Technology talk

| November 17, 2017 | 0 Comments

BY JUSTIN HARPER

Technology is a way of life almost  everywhere you look – and the classroom is no exception.

Schools are increasingly integrating technology into all aspects of teaching to provide quality education. Some, like SAHETI School in Bedfordview, in Johannesburg, Gauteng, have carefully mapped out programmes to
ensure learners and educators have ongoing access to and a good grasp of the most effective technology available to enrich learning, both at school and home. SAHETI was recently acknowledged as a forerunner in digital education, when it became the fifth South African school to be selected as a Microsoft Showcase School.1

SAHETI joins prestigious global community
The Microsoft Showcase Schools programme is a global community of schools that recognise and amplify the use of
technology to drive education efficiencies schoolwide. The announcement in September 2017 that SAHETI had been
admitted to the programme followed news that the information and communication technology (ICT) manager at the school, Justin Harper, had been selected as one of five “innovative educator experts” who represented South Africa at the Microsoft Education Exchange (E2) Global Forum in Toronto, Canada, in March 2017.2
The E2 event brings together approximately 300 educators from around the world every year. Recognising their efforts and achievements to combine content, pedagogy and technology to enhance education, the forum provides delegates with opportunities to collaborate, create and share their experiences over three days. Inspired to try new applications, full of fresh ideas from his peers and having participated in challenges to brainstorm ideas for
future Microsoft products, Harper says he returned from Canada keener than ever to continue to drive SAHETI’s technology programme – which was already well established due (in part, at least) to the school’s bring your own device (BYOD) and training initiatives.
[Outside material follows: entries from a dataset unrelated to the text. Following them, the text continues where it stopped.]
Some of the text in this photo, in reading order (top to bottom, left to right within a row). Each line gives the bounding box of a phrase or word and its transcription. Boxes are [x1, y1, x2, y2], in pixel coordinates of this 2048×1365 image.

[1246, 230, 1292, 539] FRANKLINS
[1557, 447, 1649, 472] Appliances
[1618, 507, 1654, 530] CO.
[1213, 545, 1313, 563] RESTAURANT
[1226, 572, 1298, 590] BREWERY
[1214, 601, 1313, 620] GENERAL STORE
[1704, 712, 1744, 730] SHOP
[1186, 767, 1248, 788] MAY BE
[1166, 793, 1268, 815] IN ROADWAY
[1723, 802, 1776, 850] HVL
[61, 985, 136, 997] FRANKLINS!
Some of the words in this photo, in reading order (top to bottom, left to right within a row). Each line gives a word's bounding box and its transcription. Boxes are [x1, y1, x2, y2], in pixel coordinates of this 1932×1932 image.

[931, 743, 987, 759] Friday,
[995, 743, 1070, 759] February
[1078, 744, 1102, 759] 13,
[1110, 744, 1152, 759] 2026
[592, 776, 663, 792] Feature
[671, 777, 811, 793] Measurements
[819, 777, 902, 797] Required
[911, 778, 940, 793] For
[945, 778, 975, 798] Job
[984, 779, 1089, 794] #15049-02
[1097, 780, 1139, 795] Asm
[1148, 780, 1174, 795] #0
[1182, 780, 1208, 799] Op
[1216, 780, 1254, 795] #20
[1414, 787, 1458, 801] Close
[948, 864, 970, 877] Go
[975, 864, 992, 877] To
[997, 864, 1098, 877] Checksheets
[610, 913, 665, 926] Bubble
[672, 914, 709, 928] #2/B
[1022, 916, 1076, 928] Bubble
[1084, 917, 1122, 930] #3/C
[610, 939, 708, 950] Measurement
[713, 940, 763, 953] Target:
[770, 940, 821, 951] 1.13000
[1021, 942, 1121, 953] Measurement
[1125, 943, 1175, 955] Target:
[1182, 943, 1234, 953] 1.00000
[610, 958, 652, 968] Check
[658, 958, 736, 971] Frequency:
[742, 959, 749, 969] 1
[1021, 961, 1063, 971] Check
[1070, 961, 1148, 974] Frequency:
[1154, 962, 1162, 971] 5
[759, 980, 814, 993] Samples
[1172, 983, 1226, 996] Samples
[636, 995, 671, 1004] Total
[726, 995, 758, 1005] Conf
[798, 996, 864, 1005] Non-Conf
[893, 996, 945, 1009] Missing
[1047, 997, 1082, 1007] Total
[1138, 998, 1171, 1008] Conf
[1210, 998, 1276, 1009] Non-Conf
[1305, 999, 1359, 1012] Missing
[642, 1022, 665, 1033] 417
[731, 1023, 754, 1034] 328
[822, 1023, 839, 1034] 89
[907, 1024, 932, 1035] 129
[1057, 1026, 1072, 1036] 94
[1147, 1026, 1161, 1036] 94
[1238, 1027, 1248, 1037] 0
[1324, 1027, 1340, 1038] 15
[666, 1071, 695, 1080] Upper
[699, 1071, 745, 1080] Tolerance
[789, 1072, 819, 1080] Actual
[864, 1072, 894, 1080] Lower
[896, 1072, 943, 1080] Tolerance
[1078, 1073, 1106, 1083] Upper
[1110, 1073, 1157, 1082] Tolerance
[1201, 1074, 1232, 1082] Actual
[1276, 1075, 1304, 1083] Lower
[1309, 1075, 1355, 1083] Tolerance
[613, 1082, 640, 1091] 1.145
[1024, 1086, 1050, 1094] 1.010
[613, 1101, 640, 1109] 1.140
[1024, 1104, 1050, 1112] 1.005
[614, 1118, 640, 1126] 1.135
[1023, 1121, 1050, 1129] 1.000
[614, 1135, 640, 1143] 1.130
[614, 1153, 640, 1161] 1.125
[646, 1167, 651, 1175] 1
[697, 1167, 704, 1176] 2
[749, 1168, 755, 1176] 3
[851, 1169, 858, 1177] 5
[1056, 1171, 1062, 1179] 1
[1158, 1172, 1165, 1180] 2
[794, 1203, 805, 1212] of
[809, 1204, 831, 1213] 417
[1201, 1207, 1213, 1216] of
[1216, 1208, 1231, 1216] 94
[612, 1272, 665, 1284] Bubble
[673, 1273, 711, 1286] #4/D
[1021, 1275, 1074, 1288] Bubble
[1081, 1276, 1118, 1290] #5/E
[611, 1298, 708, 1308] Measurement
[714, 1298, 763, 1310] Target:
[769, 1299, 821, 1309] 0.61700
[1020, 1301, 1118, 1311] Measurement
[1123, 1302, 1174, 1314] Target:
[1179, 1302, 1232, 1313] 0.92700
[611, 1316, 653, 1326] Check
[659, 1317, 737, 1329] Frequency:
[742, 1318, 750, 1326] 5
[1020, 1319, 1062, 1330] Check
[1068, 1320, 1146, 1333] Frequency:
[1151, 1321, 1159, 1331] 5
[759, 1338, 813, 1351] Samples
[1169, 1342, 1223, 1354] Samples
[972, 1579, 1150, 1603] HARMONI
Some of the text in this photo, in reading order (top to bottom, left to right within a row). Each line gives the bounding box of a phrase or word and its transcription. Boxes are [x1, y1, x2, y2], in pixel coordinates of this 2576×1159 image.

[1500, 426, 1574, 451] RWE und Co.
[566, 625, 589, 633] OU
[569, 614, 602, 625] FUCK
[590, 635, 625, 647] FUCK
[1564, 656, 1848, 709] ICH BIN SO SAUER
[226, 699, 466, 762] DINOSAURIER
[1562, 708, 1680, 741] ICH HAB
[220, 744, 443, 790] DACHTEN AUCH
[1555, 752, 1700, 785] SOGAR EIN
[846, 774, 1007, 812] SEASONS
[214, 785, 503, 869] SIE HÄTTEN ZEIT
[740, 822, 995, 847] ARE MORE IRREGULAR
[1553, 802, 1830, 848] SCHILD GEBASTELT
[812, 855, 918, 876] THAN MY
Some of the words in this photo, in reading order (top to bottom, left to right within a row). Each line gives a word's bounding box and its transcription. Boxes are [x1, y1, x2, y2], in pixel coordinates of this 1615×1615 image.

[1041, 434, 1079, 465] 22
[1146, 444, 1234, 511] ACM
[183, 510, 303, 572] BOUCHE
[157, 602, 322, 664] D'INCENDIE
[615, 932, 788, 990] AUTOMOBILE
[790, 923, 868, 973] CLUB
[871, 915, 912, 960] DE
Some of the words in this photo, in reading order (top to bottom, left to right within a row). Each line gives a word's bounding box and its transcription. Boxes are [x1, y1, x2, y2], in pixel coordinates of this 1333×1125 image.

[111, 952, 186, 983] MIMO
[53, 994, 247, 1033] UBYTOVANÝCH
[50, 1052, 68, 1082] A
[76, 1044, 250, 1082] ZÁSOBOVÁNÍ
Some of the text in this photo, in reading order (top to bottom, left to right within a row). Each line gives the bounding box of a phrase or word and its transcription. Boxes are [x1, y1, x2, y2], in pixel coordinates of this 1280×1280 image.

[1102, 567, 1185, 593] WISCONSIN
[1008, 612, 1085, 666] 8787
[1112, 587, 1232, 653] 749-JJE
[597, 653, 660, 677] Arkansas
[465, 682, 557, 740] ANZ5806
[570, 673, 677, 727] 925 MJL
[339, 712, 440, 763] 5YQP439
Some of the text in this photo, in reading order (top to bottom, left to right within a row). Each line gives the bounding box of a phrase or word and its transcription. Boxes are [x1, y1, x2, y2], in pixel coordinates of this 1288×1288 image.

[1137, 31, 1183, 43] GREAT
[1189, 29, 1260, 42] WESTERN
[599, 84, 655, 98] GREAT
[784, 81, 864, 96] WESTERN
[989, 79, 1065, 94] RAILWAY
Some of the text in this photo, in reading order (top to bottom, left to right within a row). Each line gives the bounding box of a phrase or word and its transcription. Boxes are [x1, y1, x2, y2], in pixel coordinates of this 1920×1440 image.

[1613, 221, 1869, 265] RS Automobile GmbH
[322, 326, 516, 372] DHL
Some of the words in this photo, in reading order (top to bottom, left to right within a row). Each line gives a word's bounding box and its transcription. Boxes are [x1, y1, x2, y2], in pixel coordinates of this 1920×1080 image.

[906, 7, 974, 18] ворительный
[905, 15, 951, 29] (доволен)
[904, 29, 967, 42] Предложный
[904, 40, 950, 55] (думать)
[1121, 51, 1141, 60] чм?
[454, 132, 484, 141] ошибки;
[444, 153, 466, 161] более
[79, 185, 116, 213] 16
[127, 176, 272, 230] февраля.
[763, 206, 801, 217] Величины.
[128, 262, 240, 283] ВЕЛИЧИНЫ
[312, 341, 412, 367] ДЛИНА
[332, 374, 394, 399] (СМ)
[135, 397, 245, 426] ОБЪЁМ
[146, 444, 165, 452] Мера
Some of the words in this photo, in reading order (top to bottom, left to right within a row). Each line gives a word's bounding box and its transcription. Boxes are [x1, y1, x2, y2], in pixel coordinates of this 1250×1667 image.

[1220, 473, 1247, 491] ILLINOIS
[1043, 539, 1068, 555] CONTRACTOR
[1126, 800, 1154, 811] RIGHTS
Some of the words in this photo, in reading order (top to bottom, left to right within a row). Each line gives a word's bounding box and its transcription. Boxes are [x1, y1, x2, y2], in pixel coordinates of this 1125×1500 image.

BYOD and training part and parcel of the SAHETI plan
“The BYOD plan was introduced because SAHETI believes technology introduced to learners should not only be device agnostic, but also browser agnostic. Learners are encouraged to bring devices that they are familiar and comfortable with. All the products we’ve introduced work on any platform at any time. We then link the educational material to learners’ devices, so that they can access the content both at school and home,” says Harper.
Training is central to the roll-out of SAHETI’s technology programme. According to the head of department of ICT at
the school, Rhoda van Niekerk (who is also responsible for staff development), staff have embraced Microsoft Office 365 – including applications such as OneNote and Microsoft Teams – thanks largely to a comprehensive, ongoing training programme. Van Niekerk and Harper attended the Education Exchange E2 Africa Forum held in Bryanston, Johannesburg, earlier this year,3 where Van Niekerk’s team emerged winner of the Minecraft video game group project, which involved coming up with a South African problem and then modelling a solution in a “Small South Africa Minecraft” world. Most recently, Microsoft Office 365 was successfully used for interaction between students and teachers during SAHETI’s third-term subject assessment module (SAM) project, which is a project-based assessment introduced by the school for Grade 10s as a replacement of mid-year examinations. Applications used by the school also enable teachers to capture their ideas and to-do lists in one place, wherever they are. Microsoft
Team keeps students up to date with assignments, announcements and gradespecific information. Technology also makes it possible for discussions to take place outside of class, and gives teachers a one-stop shop to create and grade assignments.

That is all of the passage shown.